- **Records for this exercise**:
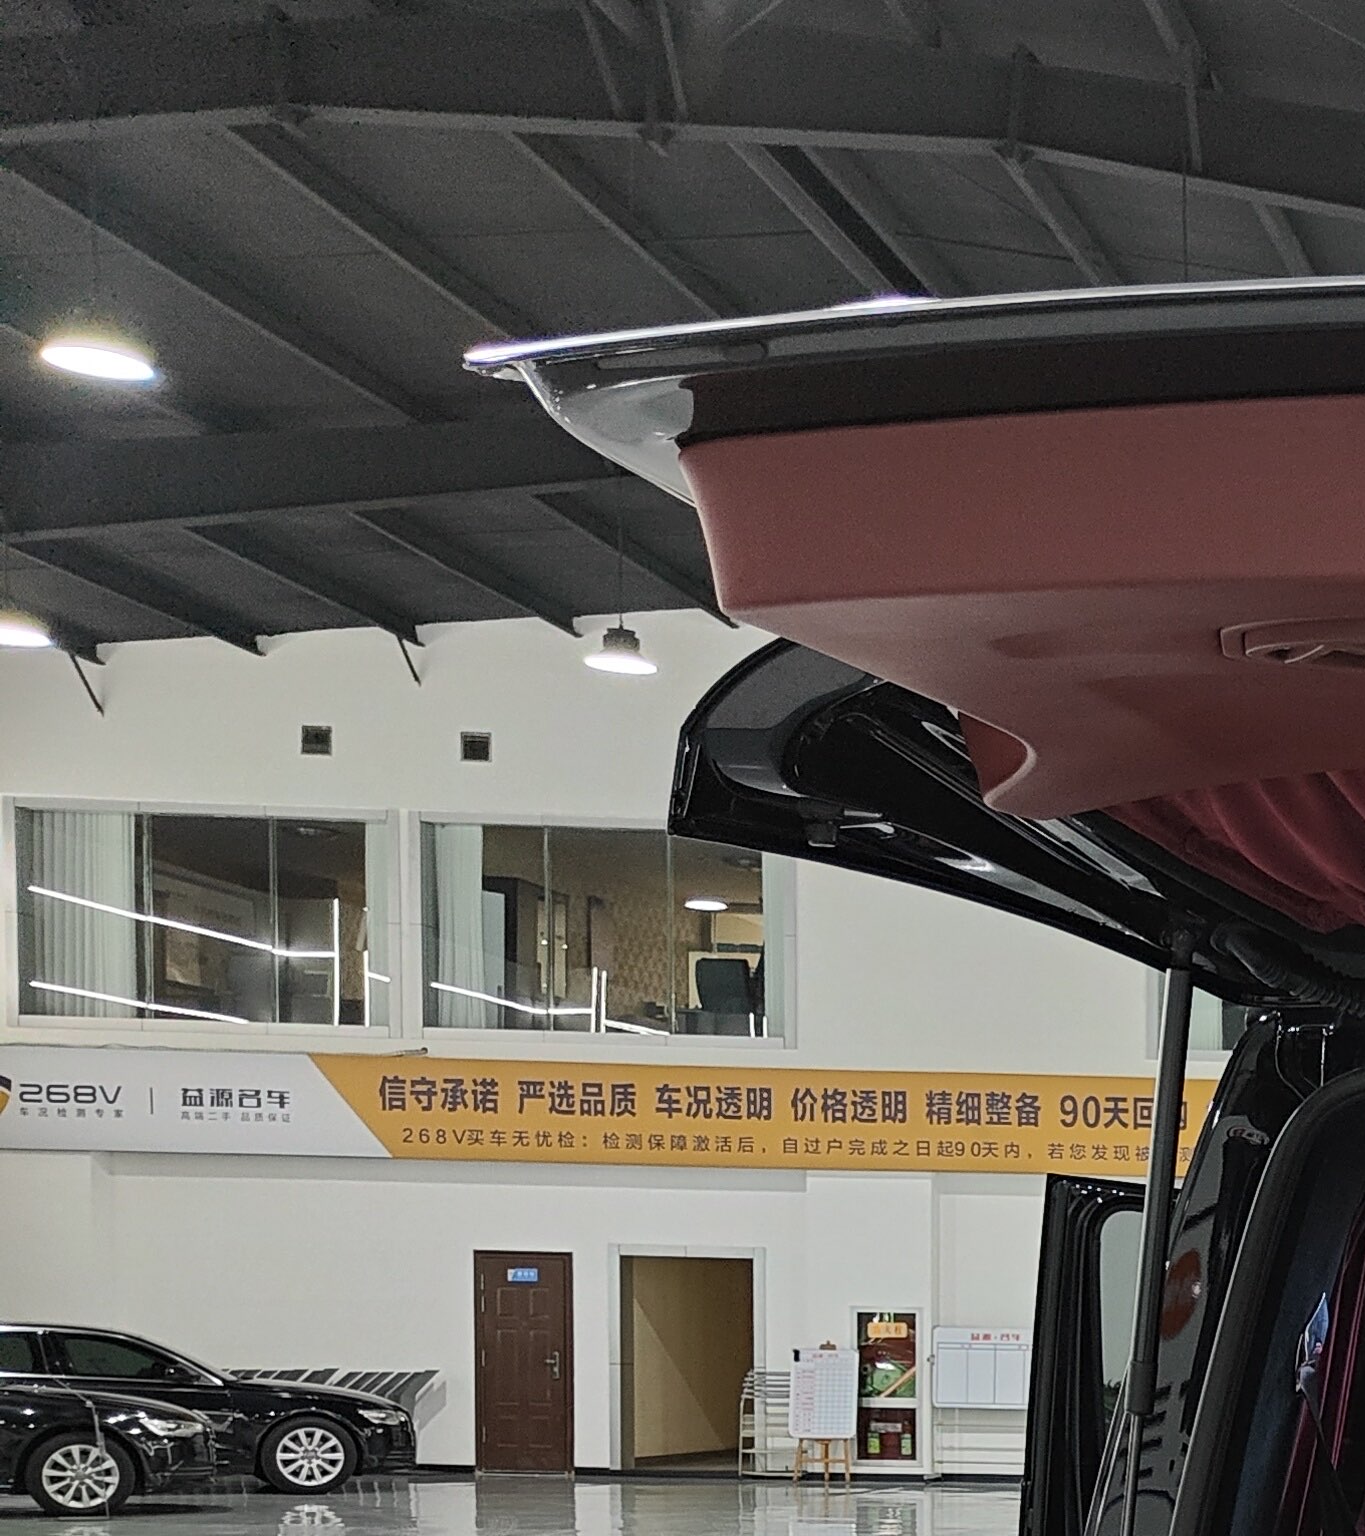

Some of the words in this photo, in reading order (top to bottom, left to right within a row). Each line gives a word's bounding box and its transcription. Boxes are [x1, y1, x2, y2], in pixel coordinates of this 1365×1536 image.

[19, 1083, 123, 1105] 268V
[180, 1086, 291, 1109] 益源名车
[378, 1075, 499, 1115] 信守承诺
[516, 1079, 638, 1118] 严选品质
[654, 1083, 773, 1121] 车况透明
[790, 1087, 908, 1124] 价格透明
[924, 1090, 1042, 1128] 精细整备
[1058, 1093, 1188, 1132] 90天回

- **What to produce**: Print the records above exactly, minus pictures.

- **Output for this exercise**:
Some of the words in this photo, in reading order (top to bottom, left to right within a row). Each line gives a word's bounding box and its transcription. Boxes are [x1, y1, x2, y2], in pixel coordinates of this 1365×1536 image.

[19, 1083, 123, 1105] 268V
[180, 1086, 291, 1109] 益源名车
[378, 1075, 499, 1115] 信守承诺
[516, 1079, 638, 1118] 严选品质
[654, 1083, 773, 1121] 车况透明
[790, 1087, 908, 1124] 价格透明
[924, 1090, 1042, 1128] 精细整备
[1058, 1093, 1188, 1132] 90天回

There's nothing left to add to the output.